The concept that filled this void was concrete art, a form of abstraction – as developed by Soldati, Bruno Munari, Gianni Monnet and the painter and critic Gillo Dorfles, who together formed the Movimento Arte Concreta (MAC) in 1948 – which declared independence hints at the outside world and was composed entirely of “pure forms”.
Although this work has not taken the extreme materialistic turn adopted by American Minimalism a decade later, its flat, graphic geometry seems qualitatively different from previous works in the exhibition. It is a conceptual shift that is particularly visible in Munari’s two paintings from 1951, both titled “Positive negative (Positive Negative).’ As the title suggests, it is difficult to distinguish the figure from the ground, and the stripped color – blue, black and white in one and blue, black, orange, yellow and white in the other – is electrifying in its simplicity.
If we look at minimalism, we see a collection of rugged individual approaches, from Frank Stella’s black stripes to Richard Serra’s steel plates to Donald Judd’s plywood boxes. The spirit of the MAC was also splintered, but typical of a country which, despite its unification in the mid-nineteenth century, never fully outgrew its social, cultural and psychological temperament as a collection of city-states, the differences were as much about regional factions as they were about singular personalities.

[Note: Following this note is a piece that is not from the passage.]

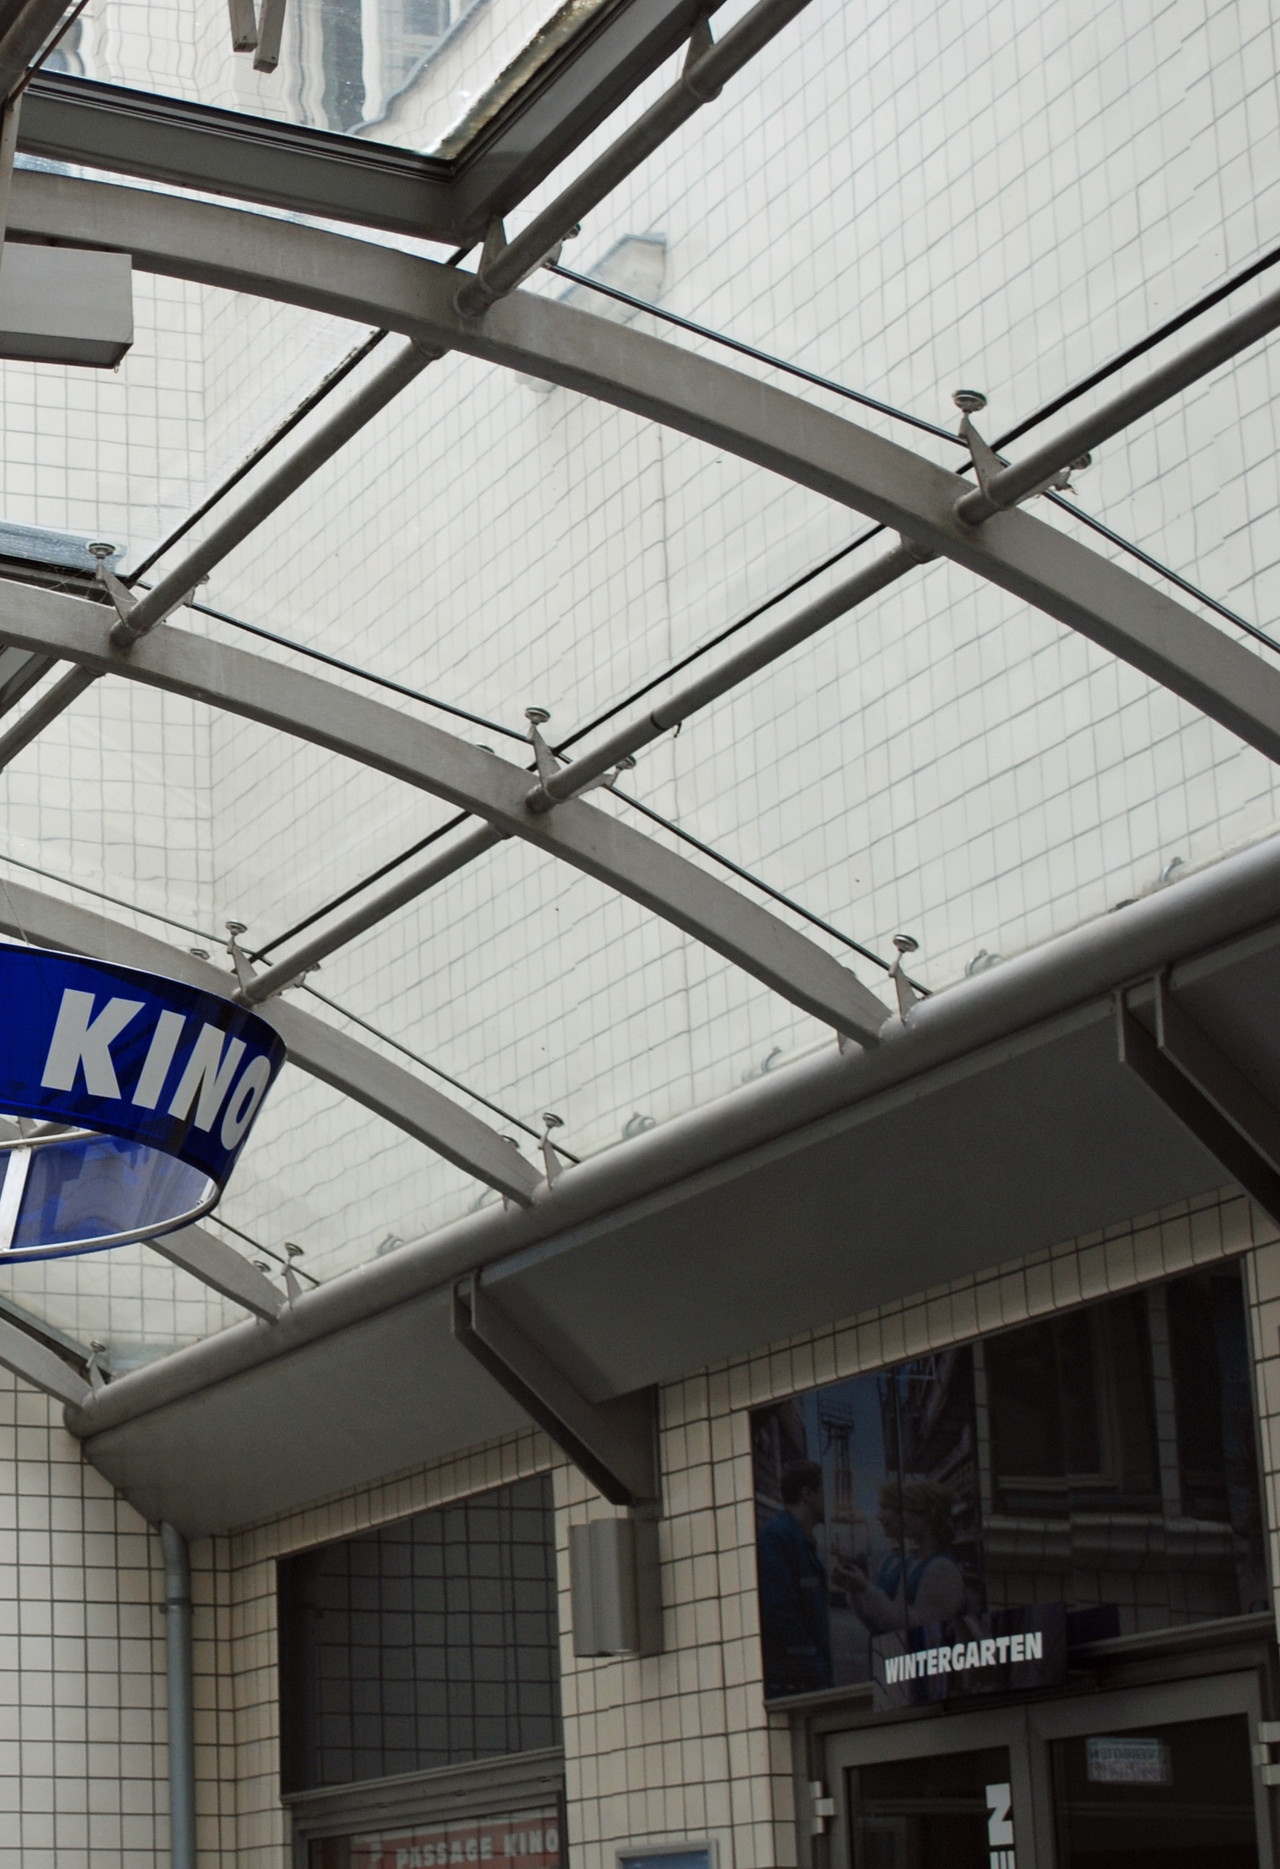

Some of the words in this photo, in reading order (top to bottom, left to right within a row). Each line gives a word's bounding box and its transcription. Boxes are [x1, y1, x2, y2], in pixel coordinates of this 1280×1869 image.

Painter Albino Galvano, as Pelizzari recounts, explained the difference between the original Milan-based MAC and his own Turin splinter group by distinguishing the former’s “technical identity with a ‘spiritual art’ that recovered Kandinsky and Kupka”, as opposed to his attraction “for the material texture of the American painters Jackson Pollock and Mark Tobey”.
Galvano’s large oil on canvas, “Otherwise (Yes and No)” (1952), with its overwhelming red field populated by overlapping white, black and gray rectangles, is densely tactile, exhibiting an insistent materiality at odds with the open space surrounding the neatly delineated geometric forms. It’s a statement that’s as resolutely purist as it is grounded in the earth – a duality that can be applied to much of the show’s work.
Abstraction for many of these painters was not far removed from everyday life – industrial design, typography and architecture – which aligned them in their aesthetics and utopianism to their Bauhaus counterparts. But the tension between the ideal and the everyday also ties their work to the 700-year-old humanist tradition of Italian painting, in which the spiritual, in the form of geometric abstraction, pervades the muddy details of everyday life and transforms the into a redemption signpost.
Painting in Italy from the 1910s to the 1950s: futurism, abstraction, concrete art continues at Sperone Westwater (257 Bowery, Lower East Side, Manhattan) through January 23.